Nowadays, between his school and social life and my work and family life, Lily, we rarely have the chance to catch up with one another. He’s a talented musician who set one of my published poems to music, but my phone glitched up and couldn’t receive the video. (I’d like to think, though, that I had some influence on his musical talent as, when I was going to college and he was still in elementary school, I used to send him drastically inappropriate mixed cd’s, including songs like Elvis Costello’s “Mystery Dance.”)
He’s got this girlfriend whom he regularly and romantically woos (the ways of which, he told my mother, he learned from me, though I only vaguely recall giving him some “how to treat a lady” talks, mostly about not only trying to get in their pants but also trying to get into their hearts). Our lives keep us apart from one another, but I still think about and worry about and am in wonder of him and everything he is and has become.
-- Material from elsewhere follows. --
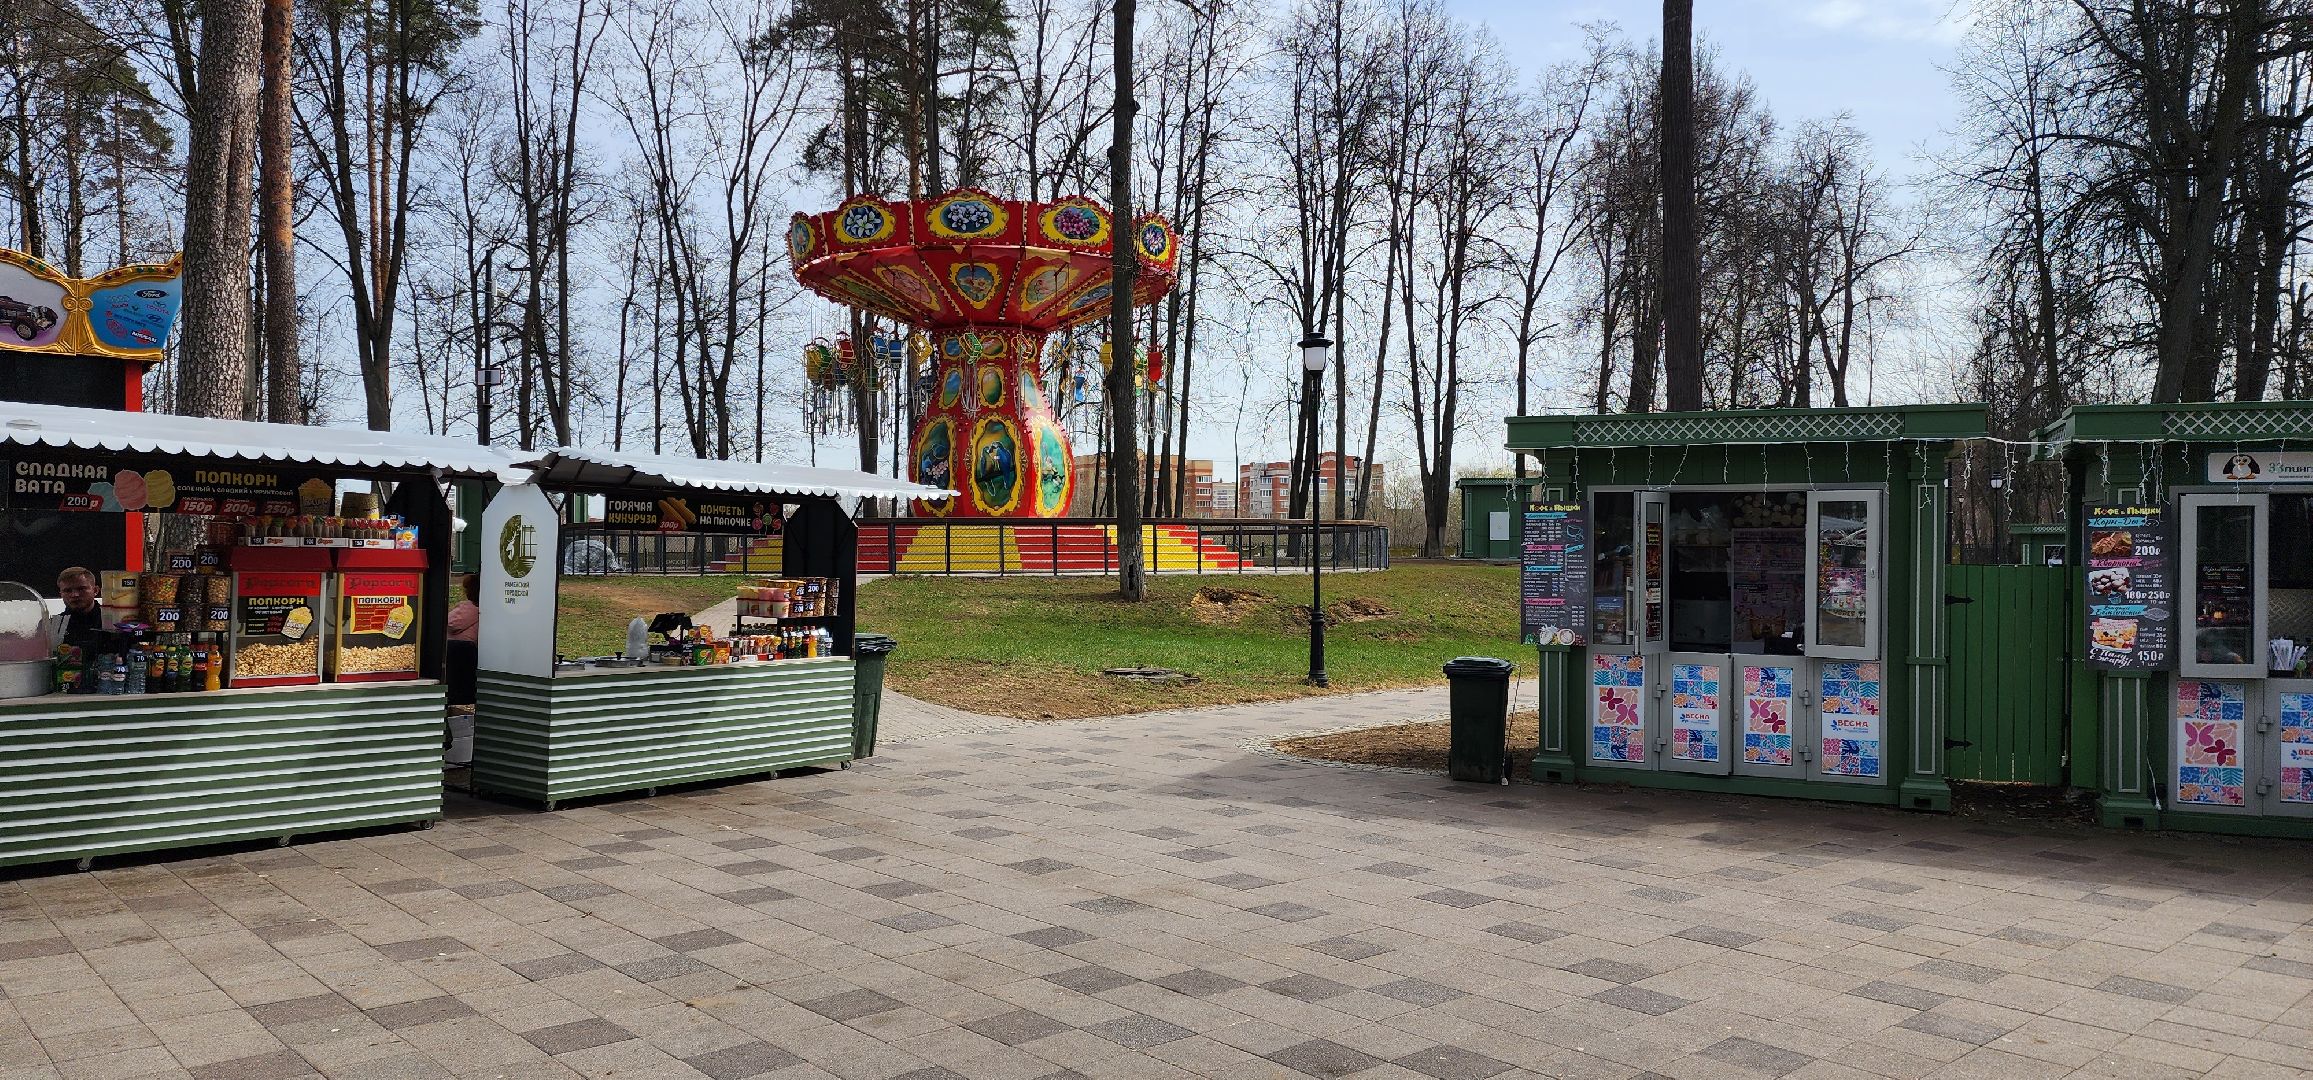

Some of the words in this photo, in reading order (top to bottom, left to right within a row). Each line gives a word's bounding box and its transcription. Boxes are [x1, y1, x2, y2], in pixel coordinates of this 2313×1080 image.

From what I hear, for instance, he no longer has accidents in his laundry basket. He is truly ready to graduate from high school so that college will have to break and then re-house-break him. And because he’s been raised up right, in part by your Grandma Raelyn and Grandpa Derrick, and in part by his second oldest “Sissy,” he’s ready to make an awesome Uncle for you, Lily. I promise that, just like I do, you’re going to love him.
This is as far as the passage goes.